-- EXERCISE DIRECTIONS --
Set down each line of the material that follows, exactly, with no pictures.

-- TASK INPUTS --
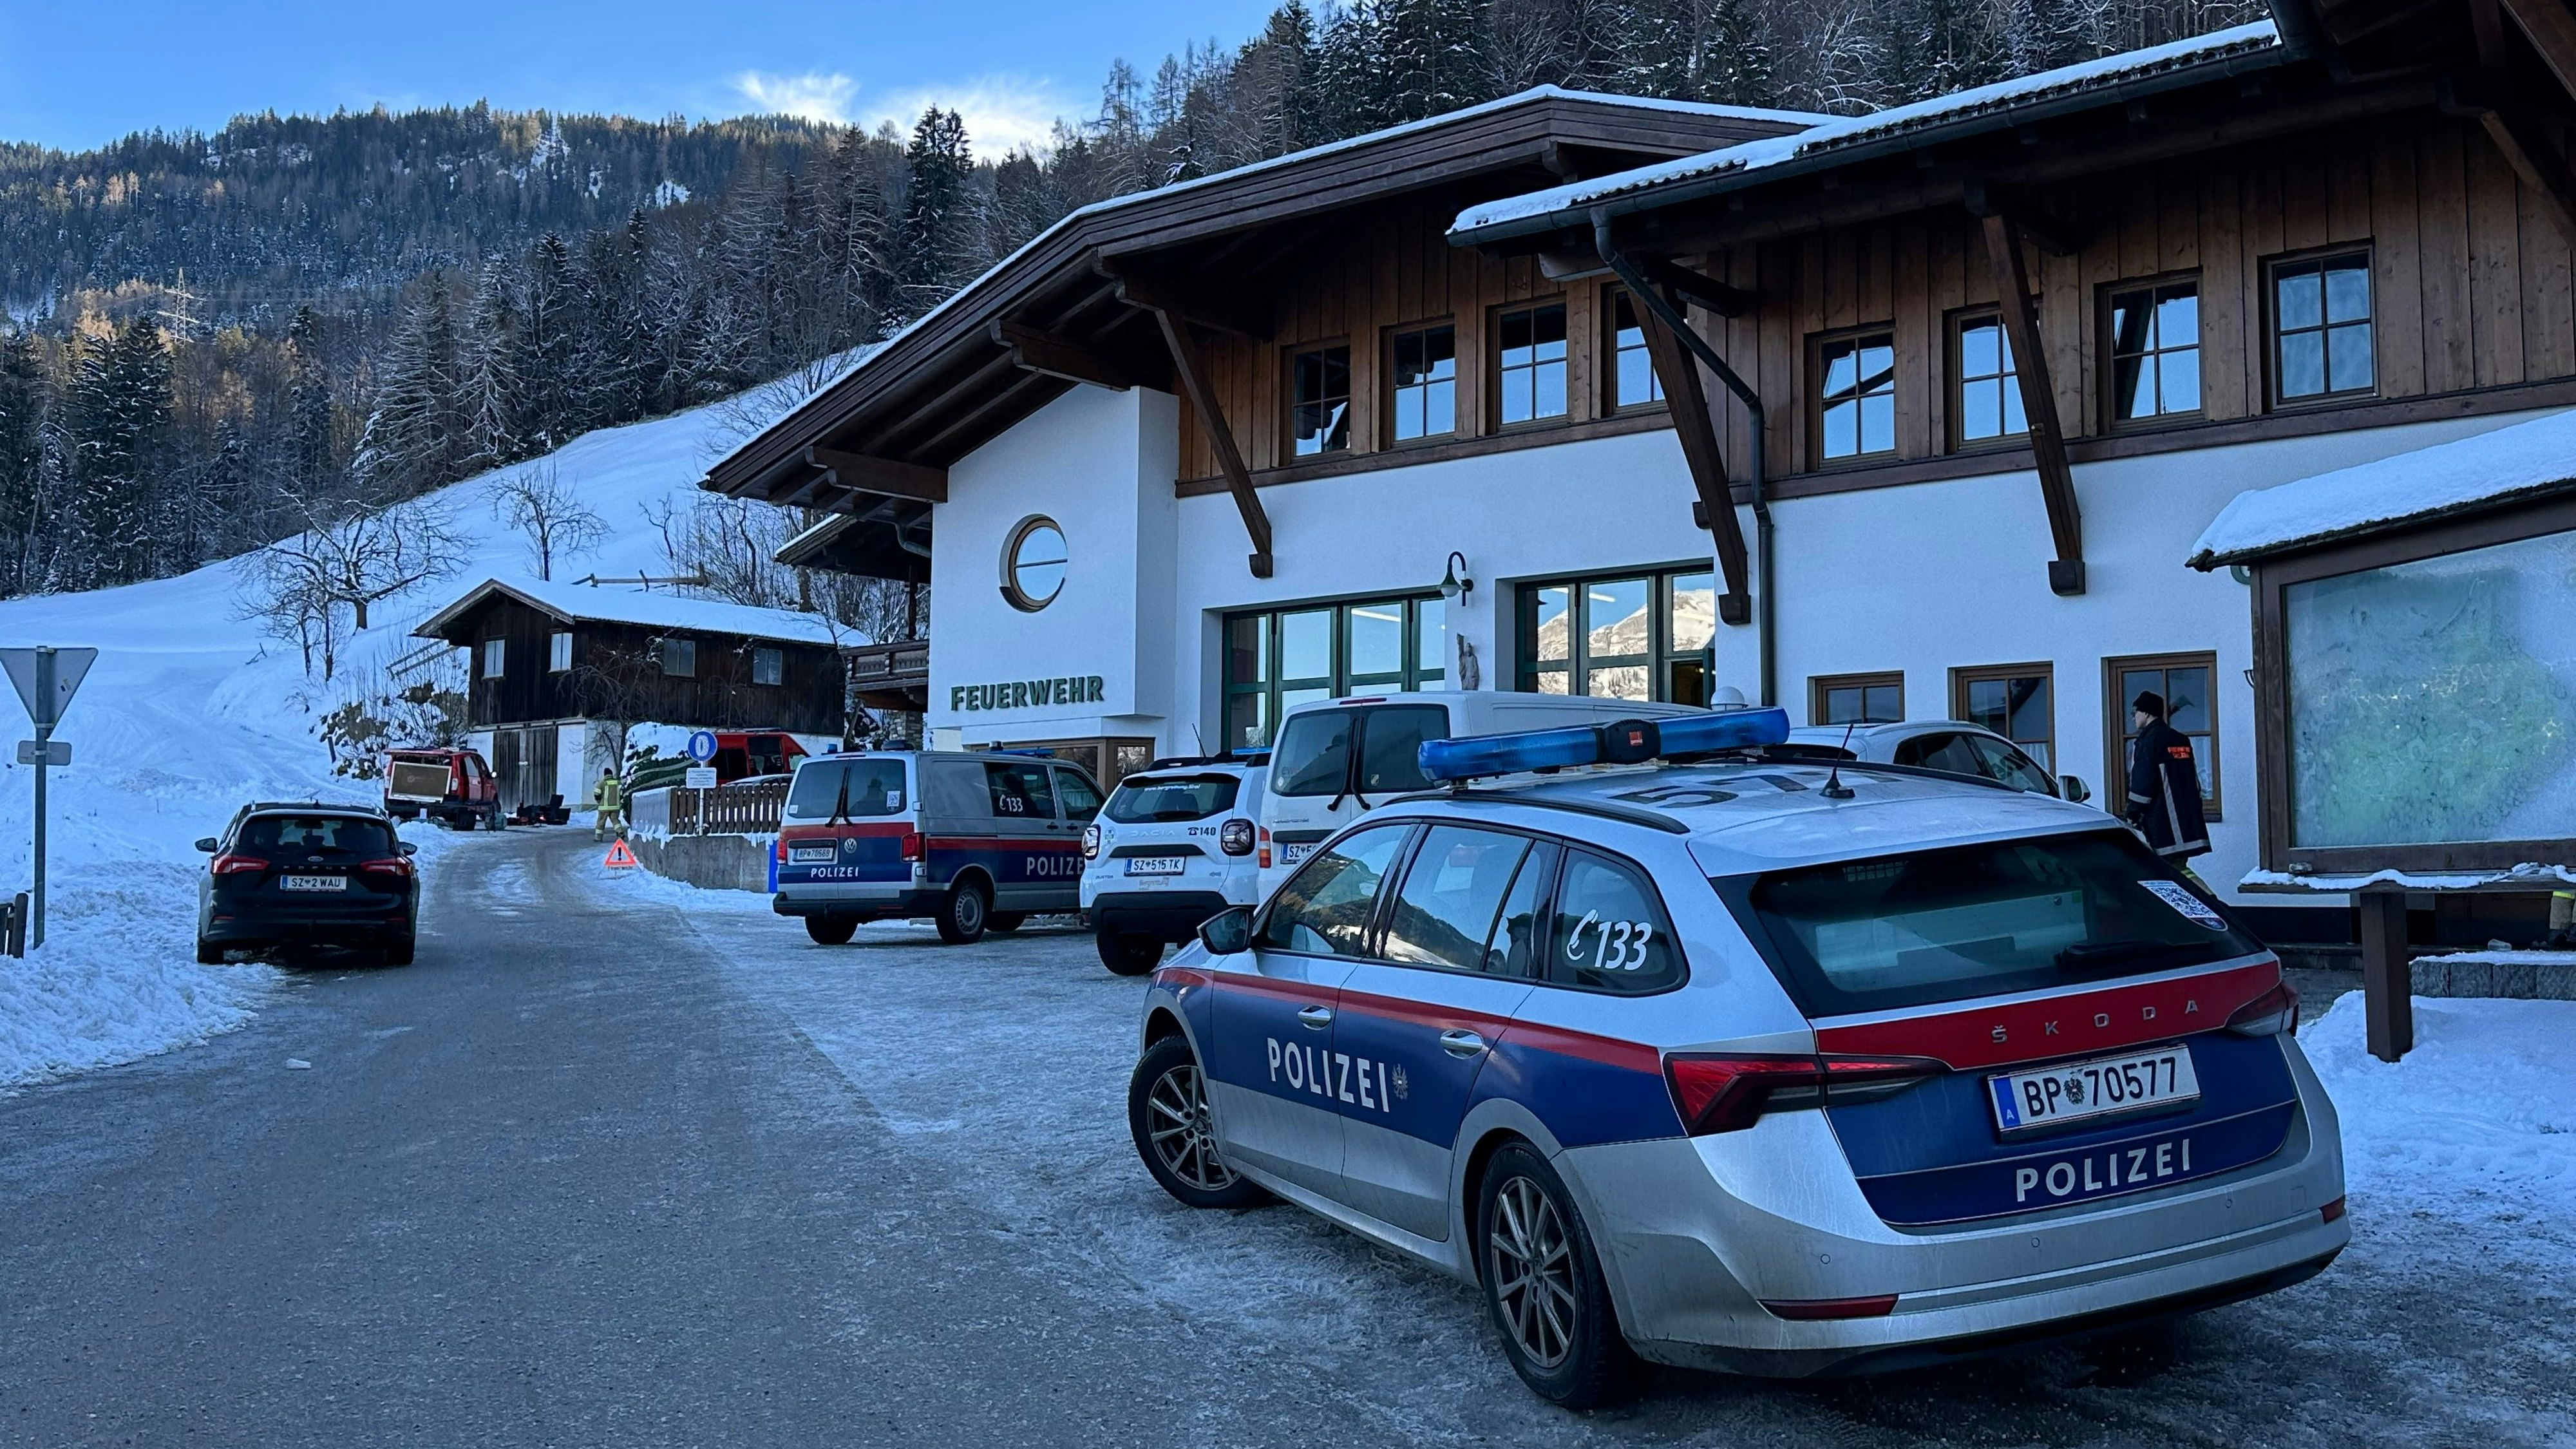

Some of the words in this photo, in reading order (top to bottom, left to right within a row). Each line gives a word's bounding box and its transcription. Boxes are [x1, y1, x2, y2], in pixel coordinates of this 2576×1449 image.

[951, 675, 1104, 712] FEUERWEHR
[1006, 797, 1023, 812] 133
[1200, 827, 1217, 836] 140
[1289, 846, 1300, 857] SZ
[811, 867, 859, 878] POLIZEI
[1027, 857, 1083, 876] POLIZE
[1134, 860, 1144, 871] SZ
[1151, 859, 1166, 870] 515
[1169, 858, 1180, 869] TK
[292, 878, 304, 887] SZ
[311, 878, 317, 887] 2
[320, 878, 341, 887] WAU
[1595, 921, 1653, 971] 133
[1991, 999, 2199, 1043] ŠKODA
[1267, 1037, 1390, 1113] POLIZEI
[2022, 1077, 2061, 1117] BP
[2083, 1056, 2175, 1107] 70577
[2005, 1108, 2015, 1121] A
[2016, 1138, 2190, 1202] POLIZEI
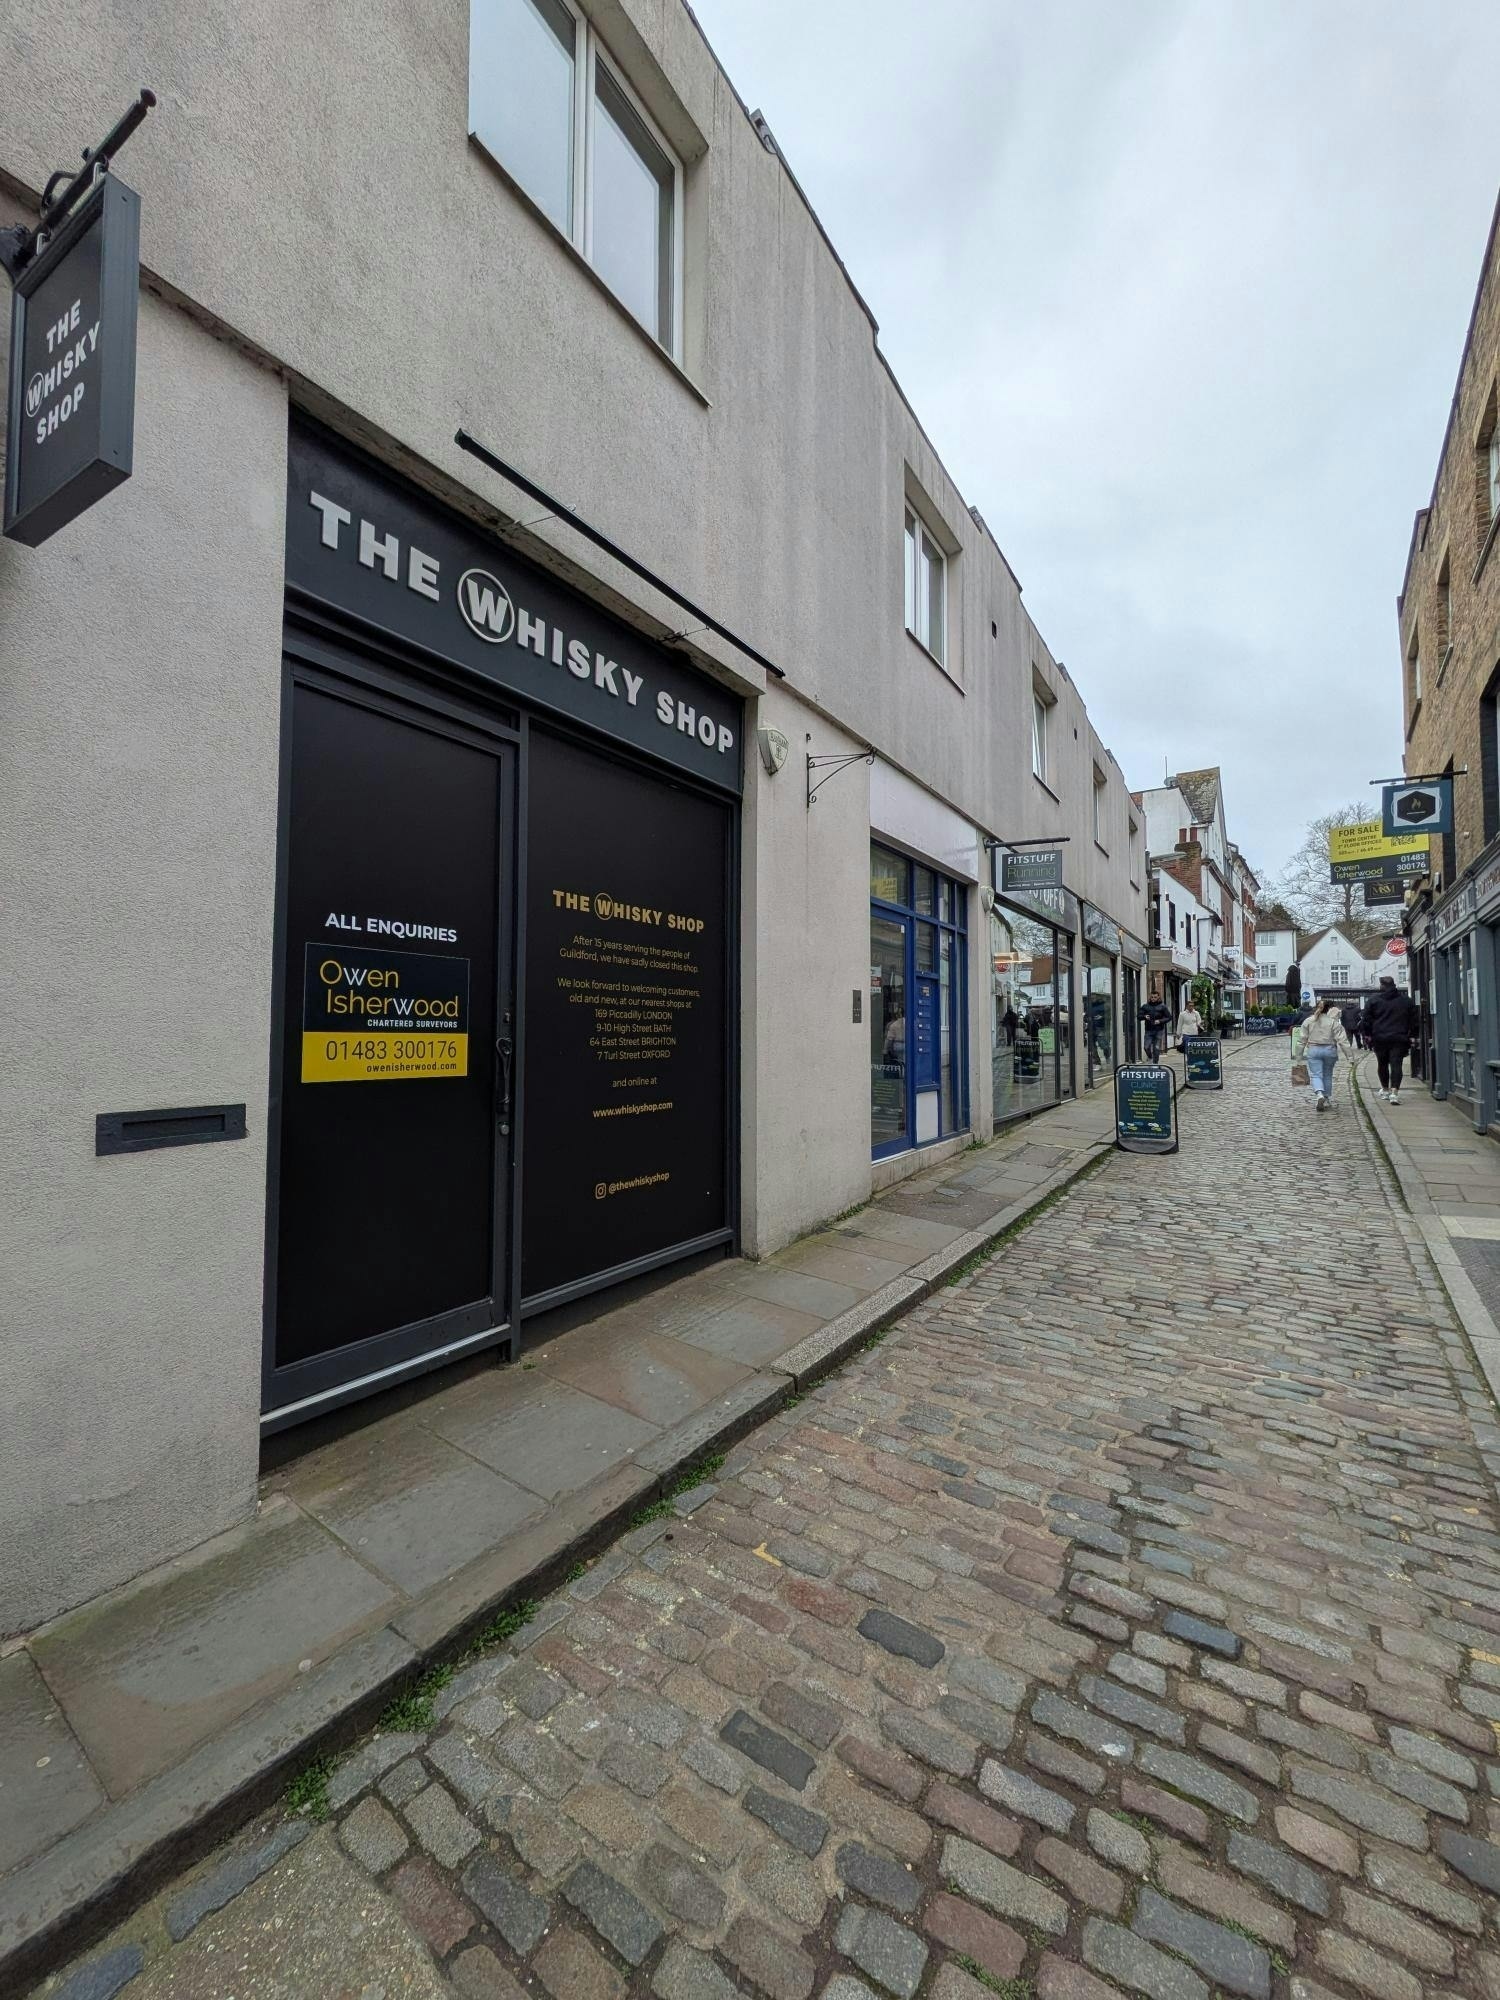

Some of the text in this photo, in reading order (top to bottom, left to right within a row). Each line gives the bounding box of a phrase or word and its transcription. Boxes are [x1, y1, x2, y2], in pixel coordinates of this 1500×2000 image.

-- RESPONSE BELOW --
Some of the words in this photo, in reading order (top to bottom, left to right within a row). Each line gives a word's bounding box and its transcription. Boxes are [x1, y1, x2, y2], in pixel coordinates of this 2576×1449 image.

[951, 675, 1104, 712] FEUERWEHR
[1006, 797, 1023, 812] 133
[1200, 827, 1217, 836] 140
[1289, 846, 1300, 857] SZ
[811, 867, 859, 878] POLIZEI
[1027, 857, 1083, 876] POLIZE
[1134, 860, 1144, 871] SZ
[1151, 859, 1166, 870] 515
[1169, 858, 1180, 869] TK
[292, 878, 304, 887] SZ
[311, 878, 317, 887] 2
[320, 878, 341, 887] WAU
[1595, 921, 1653, 971] 133
[1991, 999, 2199, 1043] ŠKODA
[1267, 1037, 1390, 1113] POLIZEI
[2022, 1077, 2061, 1117] BP
[2083, 1056, 2175, 1107] 70577
[2005, 1108, 2015, 1121] A
[2016, 1138, 2190, 1202] POLIZEI

Some of the text in this photo, in reading order (top to bottom, left to right within a row). Each line gives the bounding box of a phrase or word and its transcription. Boxes are [x1, y1, x2, y2], in pixel coordinates of this 1500×2000 image.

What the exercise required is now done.